[Excerpted records]

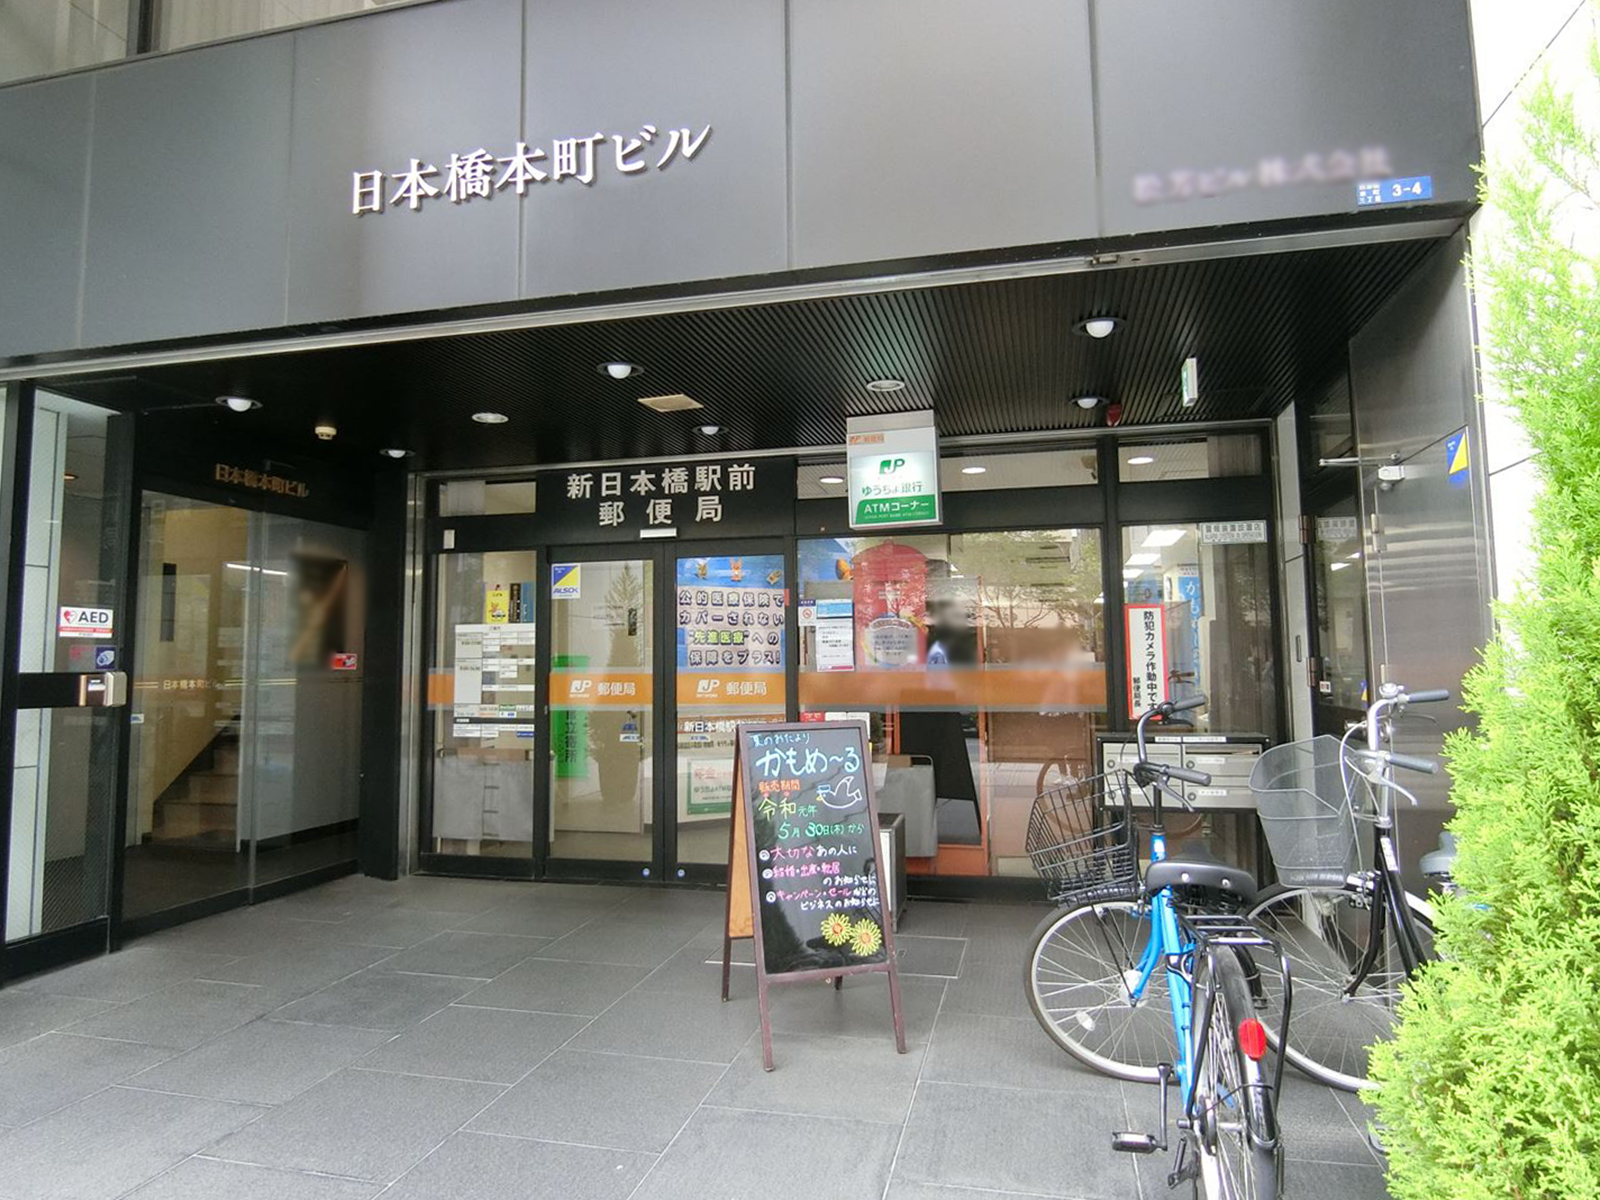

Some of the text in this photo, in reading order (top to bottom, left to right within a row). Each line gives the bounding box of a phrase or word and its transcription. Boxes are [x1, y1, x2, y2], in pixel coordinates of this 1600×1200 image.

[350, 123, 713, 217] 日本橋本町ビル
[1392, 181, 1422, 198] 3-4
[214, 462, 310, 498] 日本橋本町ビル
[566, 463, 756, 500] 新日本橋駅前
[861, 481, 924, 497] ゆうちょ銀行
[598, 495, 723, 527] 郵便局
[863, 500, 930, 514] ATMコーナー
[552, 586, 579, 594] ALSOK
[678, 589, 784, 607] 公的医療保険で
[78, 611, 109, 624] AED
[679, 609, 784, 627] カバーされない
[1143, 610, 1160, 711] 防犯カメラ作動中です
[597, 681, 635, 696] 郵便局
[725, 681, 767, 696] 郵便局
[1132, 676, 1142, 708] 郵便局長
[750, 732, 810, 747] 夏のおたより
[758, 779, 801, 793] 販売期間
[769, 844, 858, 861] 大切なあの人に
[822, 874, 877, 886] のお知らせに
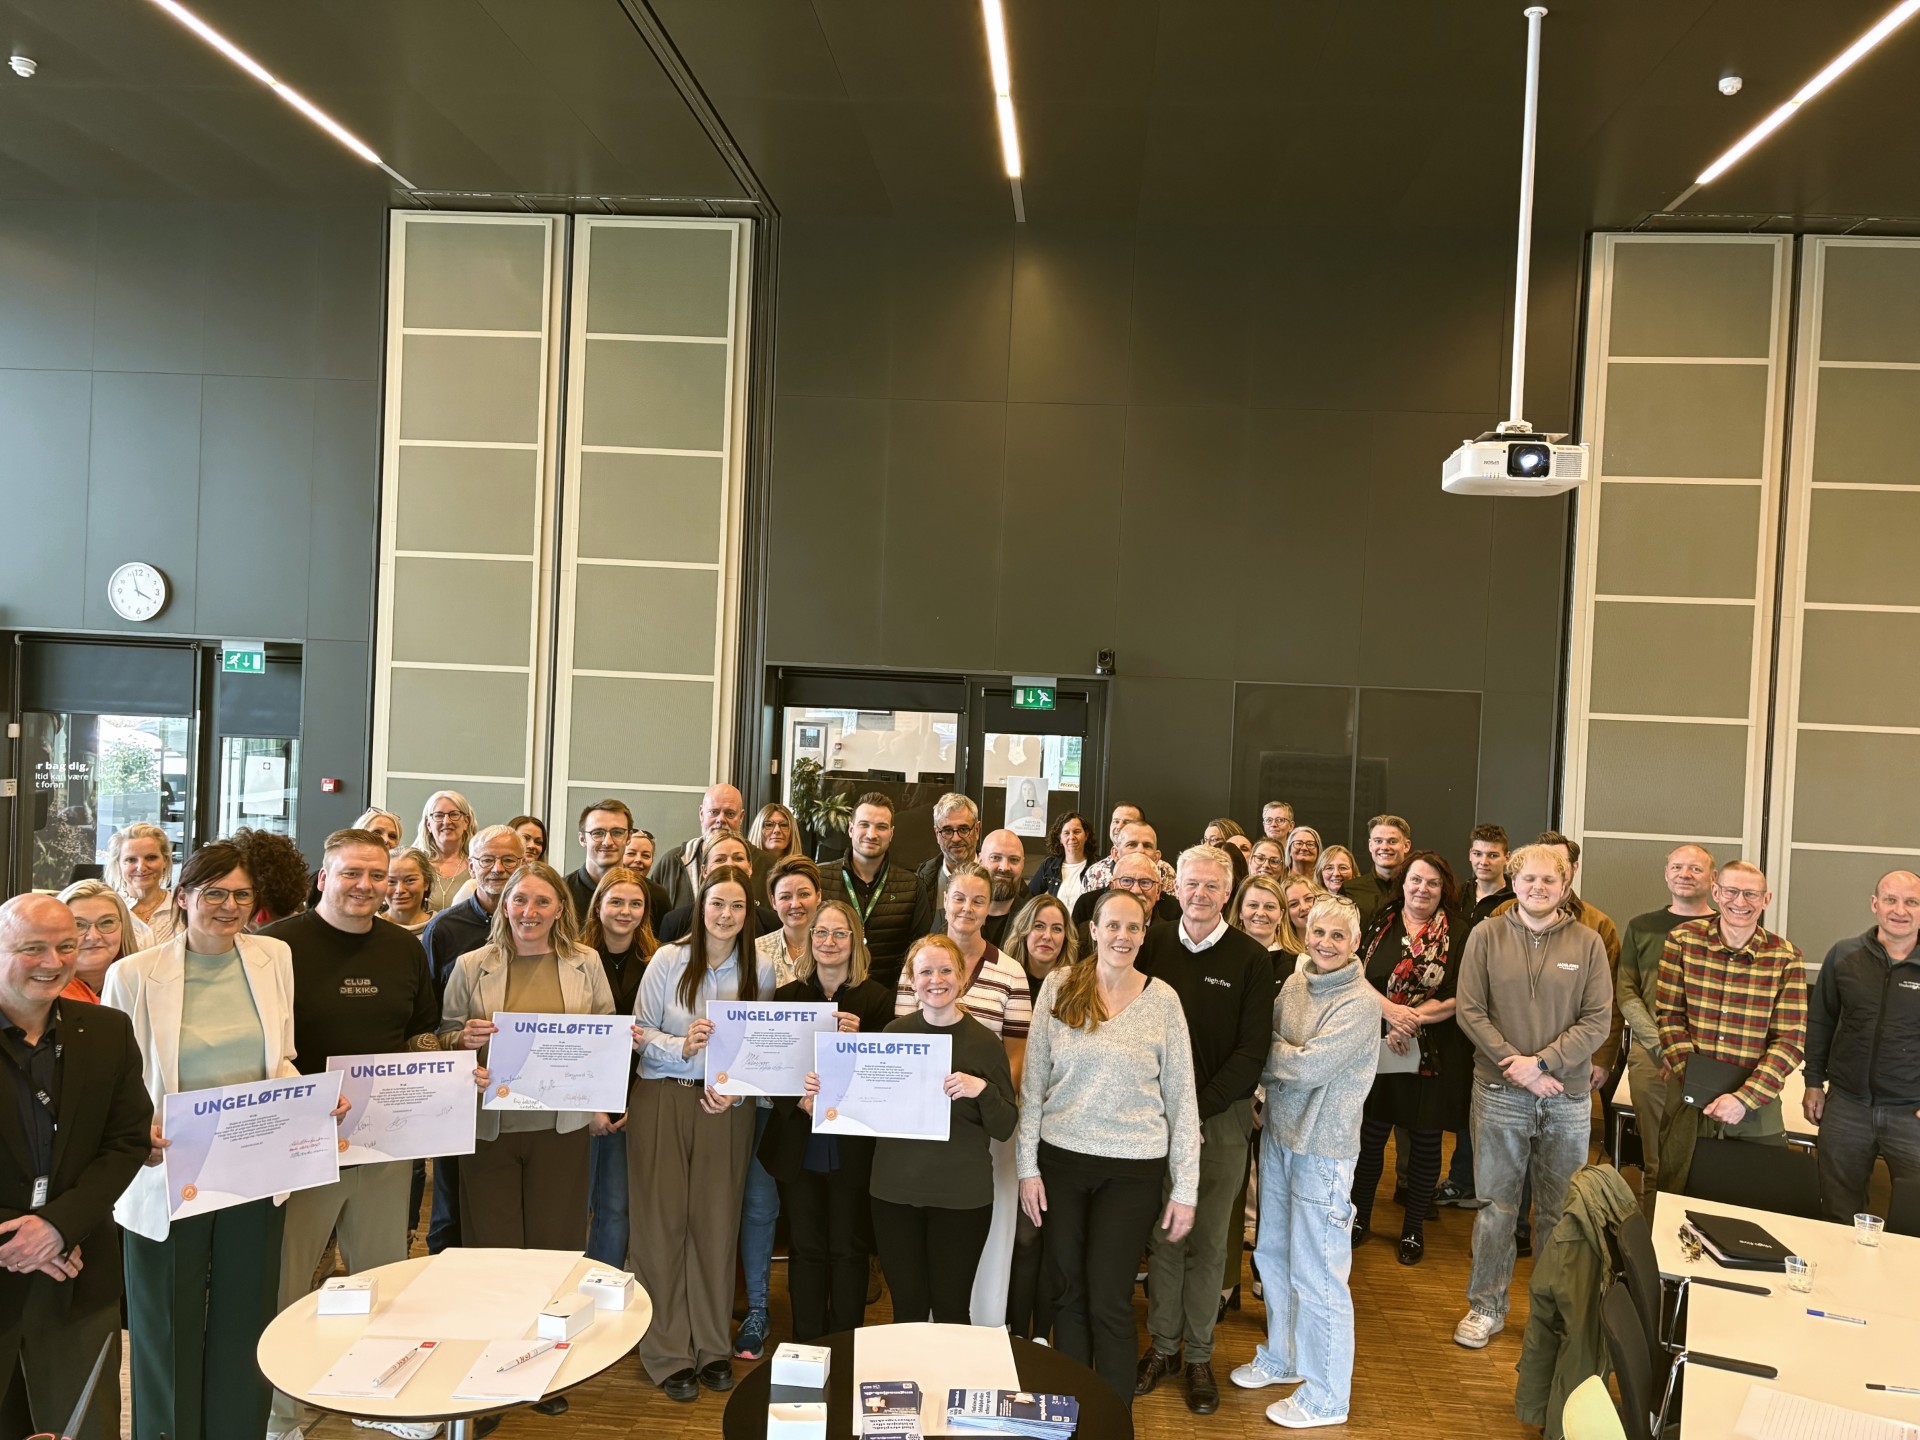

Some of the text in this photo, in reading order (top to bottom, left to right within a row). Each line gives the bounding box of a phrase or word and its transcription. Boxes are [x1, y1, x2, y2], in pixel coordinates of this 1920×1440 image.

[/Excerpted records]

With the images omitted, repeat all the data word for word.

_Answer space_
Some of the text in this photo, in reading order (top to bottom, left to right within a row). Each line gives the bounding box of a phrase or word and its transcription. Boxes are [x1, y1, x2, y2], in pixel coordinates of this 1600×1200 image.

[350, 123, 713, 217] 日本橋本町ビル
[1392, 181, 1422, 198] 3-4
[214, 462, 310, 498] 日本橋本町ビル
[566, 463, 756, 500] 新日本橋駅前
[861, 481, 924, 497] ゆうちょ銀行
[598, 495, 723, 527] 郵便局
[863, 500, 930, 514] ATMコーナー
[552, 586, 579, 594] ALSOK
[678, 589, 784, 607] 公的医療保険で
[78, 611, 109, 624] AED
[679, 609, 784, 627] カバーされない
[1143, 610, 1160, 711] 防犯カメラ作動中です
[597, 681, 635, 696] 郵便局
[725, 681, 767, 696] 郵便局
[1132, 676, 1142, 708] 郵便局長
[750, 732, 810, 747] 夏のおたより
[758, 779, 801, 793] 販売期間
[769, 844, 858, 861] 大切なあの人に
[822, 874, 877, 886] のお知らせに

Some of the text in this photo, in reading order (top to bottom, left to right within a row). Each line gives the bounding box of a phrase or word and its transcription. Boxes are [x1, y1, x2, y2], in pixel coordinates of this 1920×1440 image.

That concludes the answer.